TRY IT
Reproduce all the data exactly, without pictures.

(Beginning of GIVEN INFORMATION)

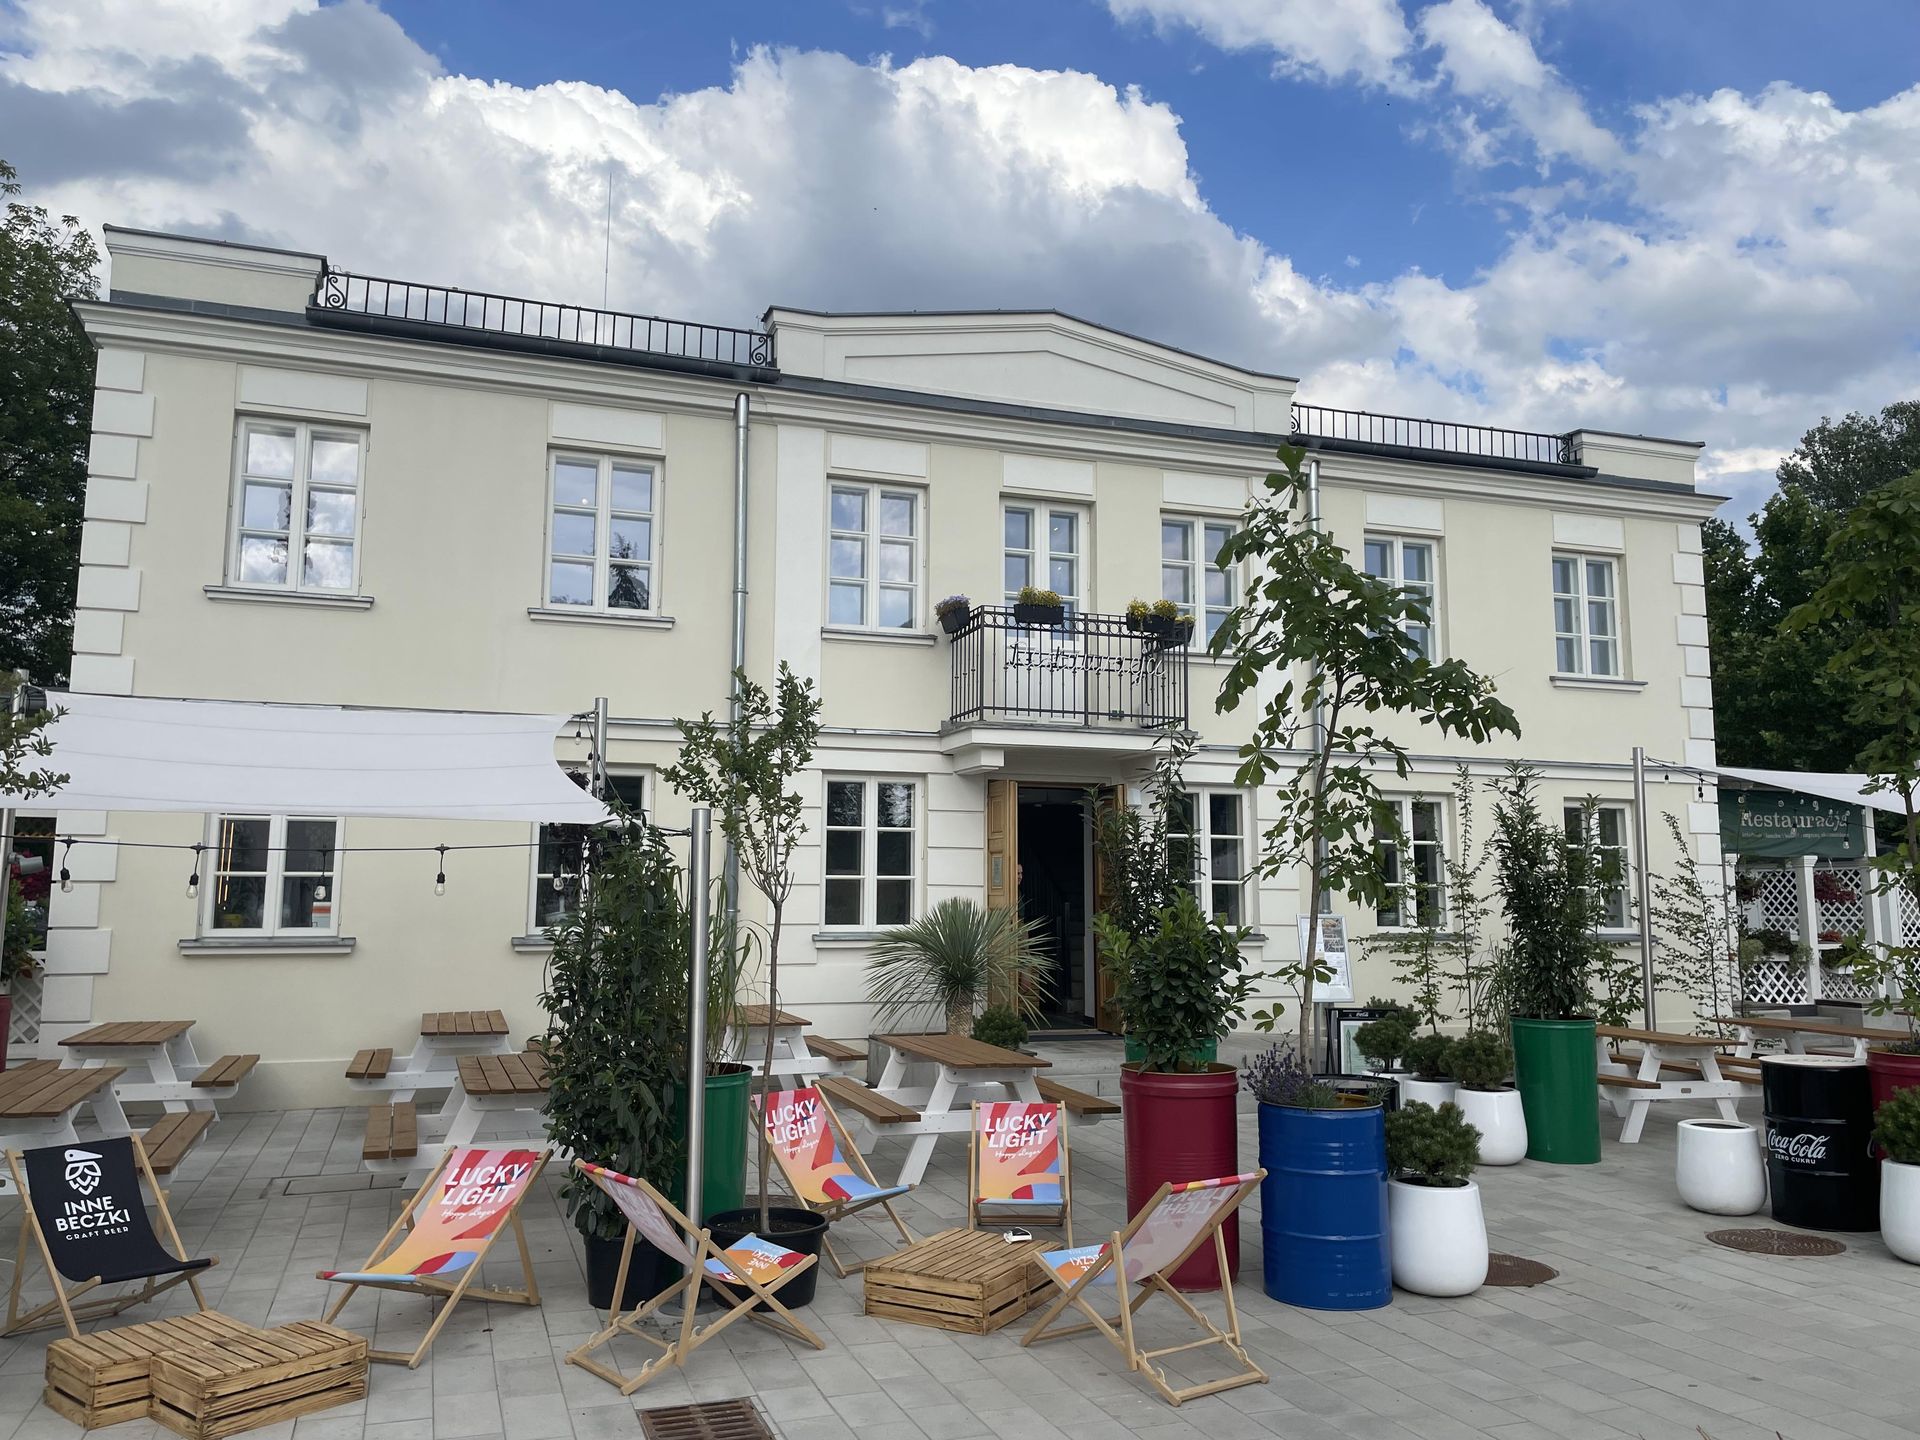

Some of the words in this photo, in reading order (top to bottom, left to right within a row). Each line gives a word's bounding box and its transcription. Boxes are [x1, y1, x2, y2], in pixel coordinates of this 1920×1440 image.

[1741, 810, 1848, 832] Restauracja
[765, 1097, 815, 1128] LUCKY
[985, 1111, 1052, 1133] LUCKY
[773, 1116, 817, 1145] LIGHT
[988, 1129, 1048, 1148] LIGHT
[1767, 1129, 1830, 1159] Coca-Cola
[1775, 1153, 1790, 1161] ZERO
[1790, 1156, 1816, 1165] CUKRU
[445, 1162, 529, 1186] LUCKY
[440, 1183, 516, 1205] LIGHT
[64, 1195, 115, 1216] INNE
[55, 1208, 131, 1232] BECZKI
[66, 1230, 99, 1240] CRAFT
[104, 1226, 129, 1235] BEER

(End of GIVEN INFORMATION)

OUTPUT BELOW
Some of the words in this photo, in reading order (top to bottom, left to right within a row). Each line gives a word's bounding box and its transcription. Boxes are [x1, y1, x2, y2], in pixel coordinates of this 1920×1440 image.

[1741, 810, 1848, 832] Restauracja
[765, 1097, 815, 1128] LUCKY
[985, 1111, 1052, 1133] LUCKY
[773, 1116, 817, 1145] LIGHT
[988, 1129, 1048, 1148] LIGHT
[1767, 1129, 1830, 1159] Coca-Cola
[1775, 1153, 1790, 1161] ZERO
[1790, 1156, 1816, 1165] CUKRU
[445, 1162, 529, 1186] LUCKY
[440, 1183, 516, 1205] LIGHT
[64, 1195, 115, 1216] INNE
[55, 1208, 131, 1232] BECZKI
[66, 1230, 99, 1240] CRAFT
[104, 1226, 129, 1235] BEER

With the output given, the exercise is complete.